Nell’abitazione di Hossam Nabih Ismail, al civico 54 di via Monte Grappa a Ghedi si sta svolgendo una raccolta fondi per la salma dell’uomo morto nello schianto di mercoledì sulla provinciale 668.

Raccolta fondi per la salma di Ismail

Le cinque figlie di Ismail, cinque bellissime bambine, la più grande frequenta la seconda elementare, che un destino fatale l’ha costretto a salutare troppo presto, erano con la madre 36enne, Nagla, impegnate in ospedale per l’organizzazione della documentazione che permetterà alla salma del marito di tornare alla sua terra natale, l’Egitto. Sono proprio i suoi connazionali egiziani ad aver organizzato una raccolta fondi per potergli permettere l’ultimo viaggio verso l’Egitto. “Stanno sistemando i documenti con il Consolato – raccontano le due donne grazie alla traduzione delle figlie – I genitori di Ismail attendono la sua salma in Egitto.
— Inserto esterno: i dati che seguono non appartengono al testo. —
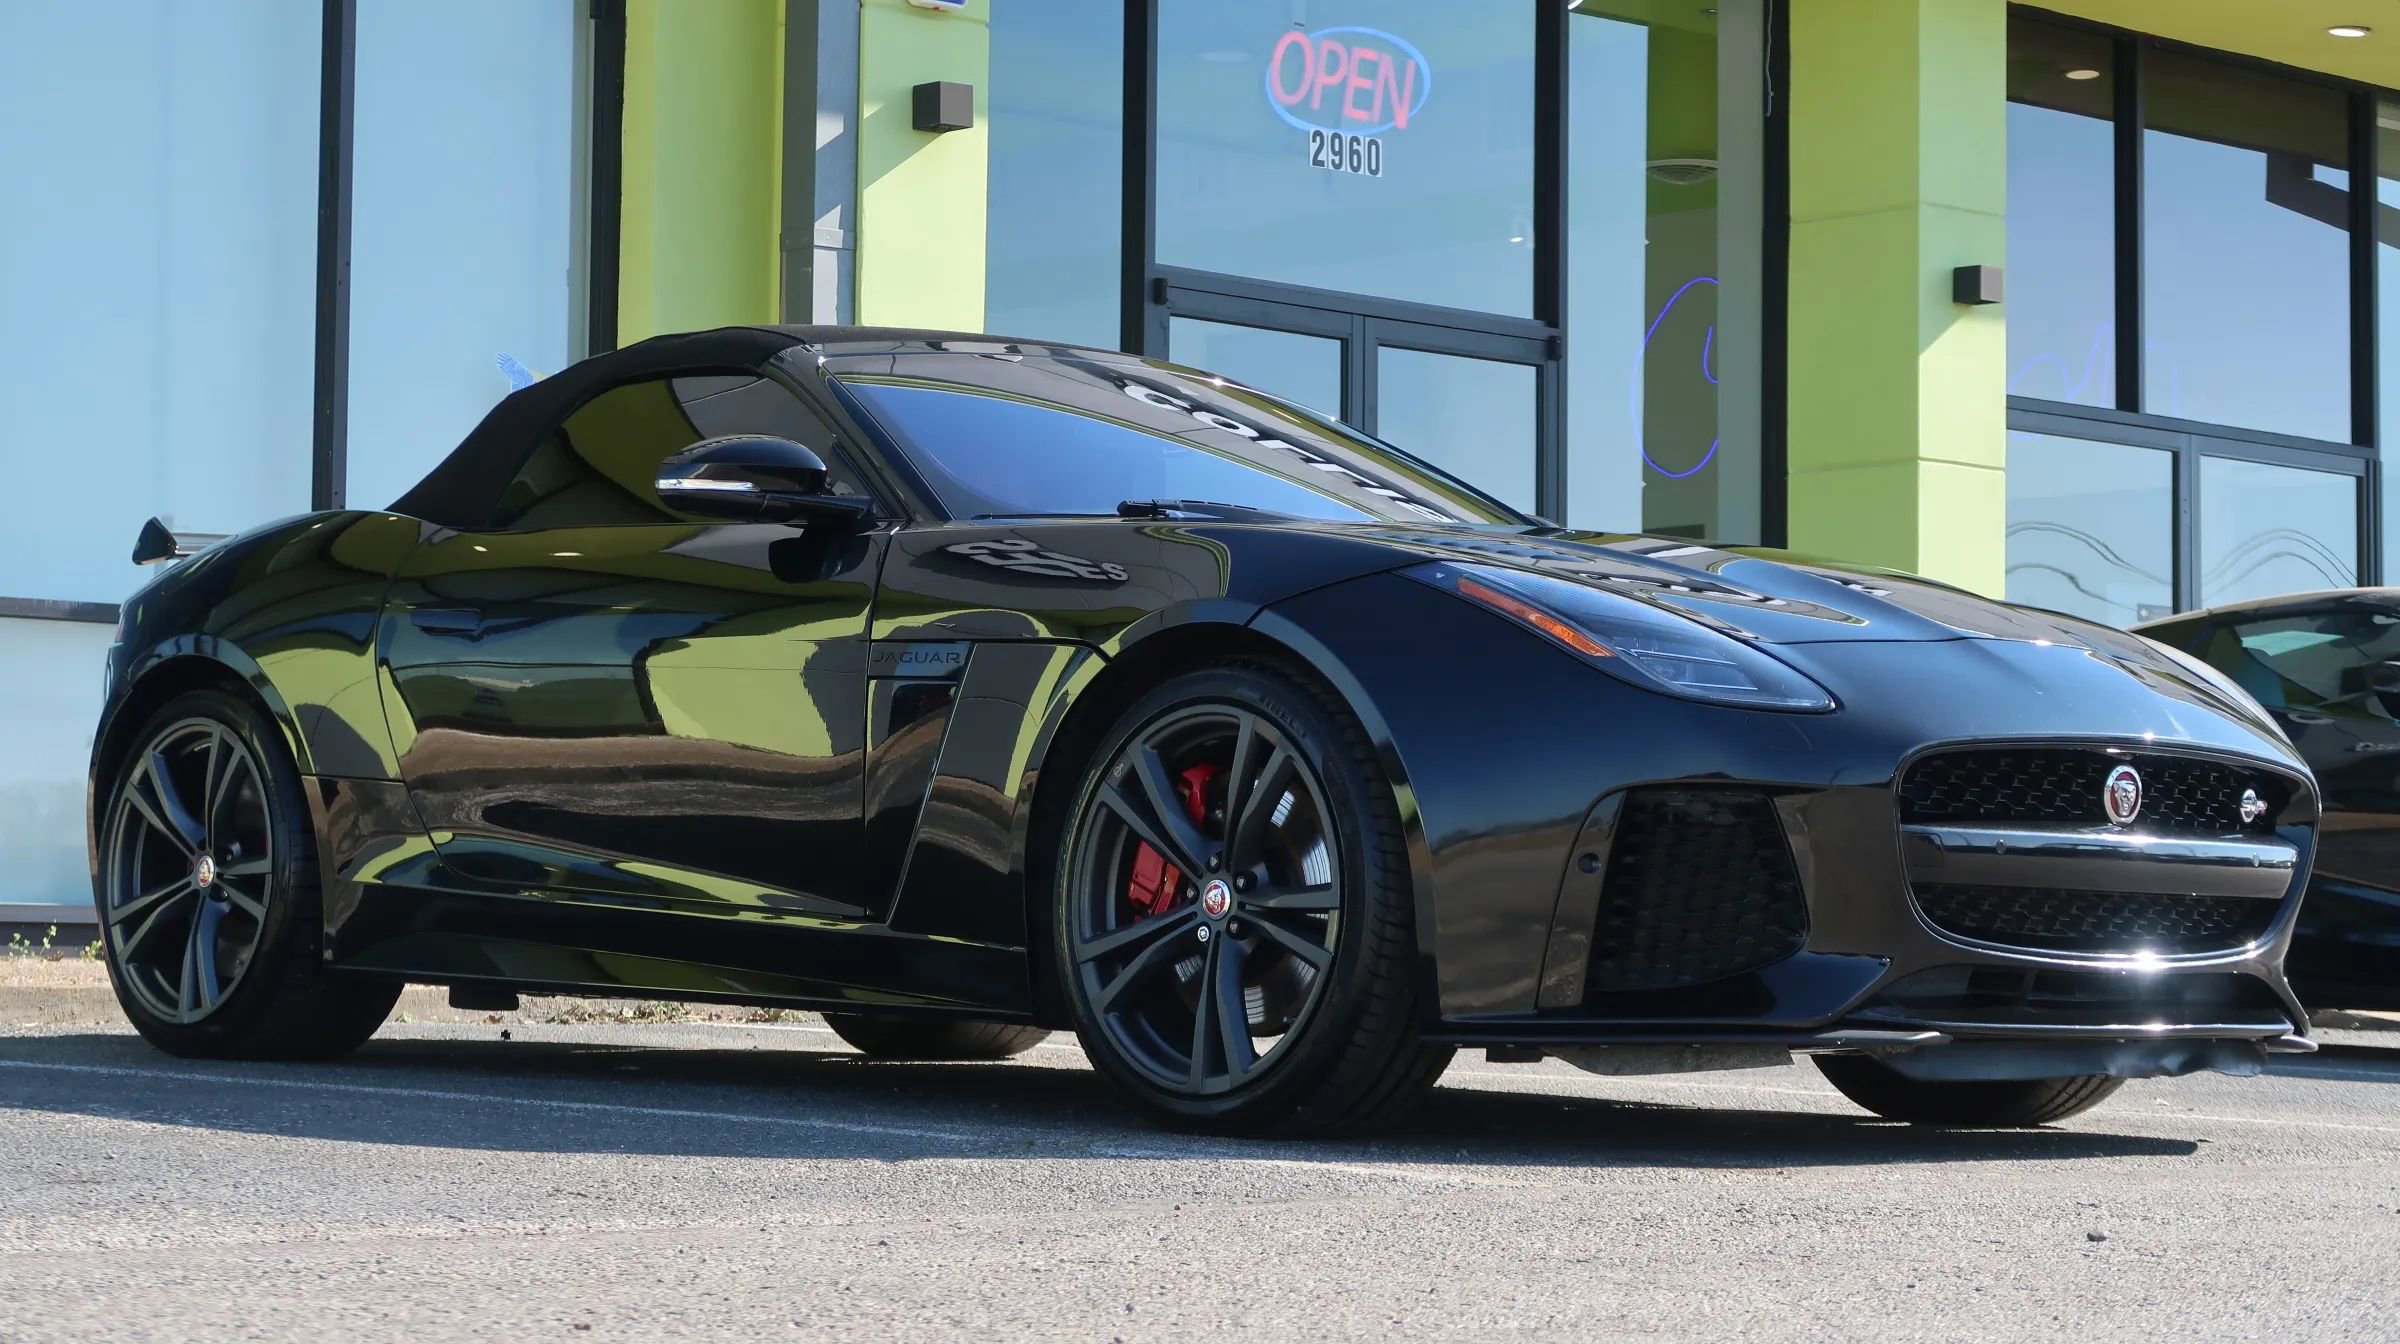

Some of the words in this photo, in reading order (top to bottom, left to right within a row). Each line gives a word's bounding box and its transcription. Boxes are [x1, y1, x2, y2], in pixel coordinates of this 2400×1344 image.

[1270, 31, 1416, 129] OPEN
[1311, 129, 1381, 176] 2960
[873, 651, 960, 664] JAGUAR
Lui viveva qui a Ghedi da 17 anni e ha conosciuto la moglie qui in Italia”.

L’incidente

Dopo anni di lavoro in cascina, Ismail da pochi mesi aveva trovato posto in una ditta di Milano come magazziniere impiegato al carico e scarico merci. E proprio questo nuovo lavoro, che tanto aveva desiderato, gli è stato fatale. Mercoledì mattina stava infatti tornando a casa da Milano, dopo un turno notturno, quando è avvenuto l’incidente.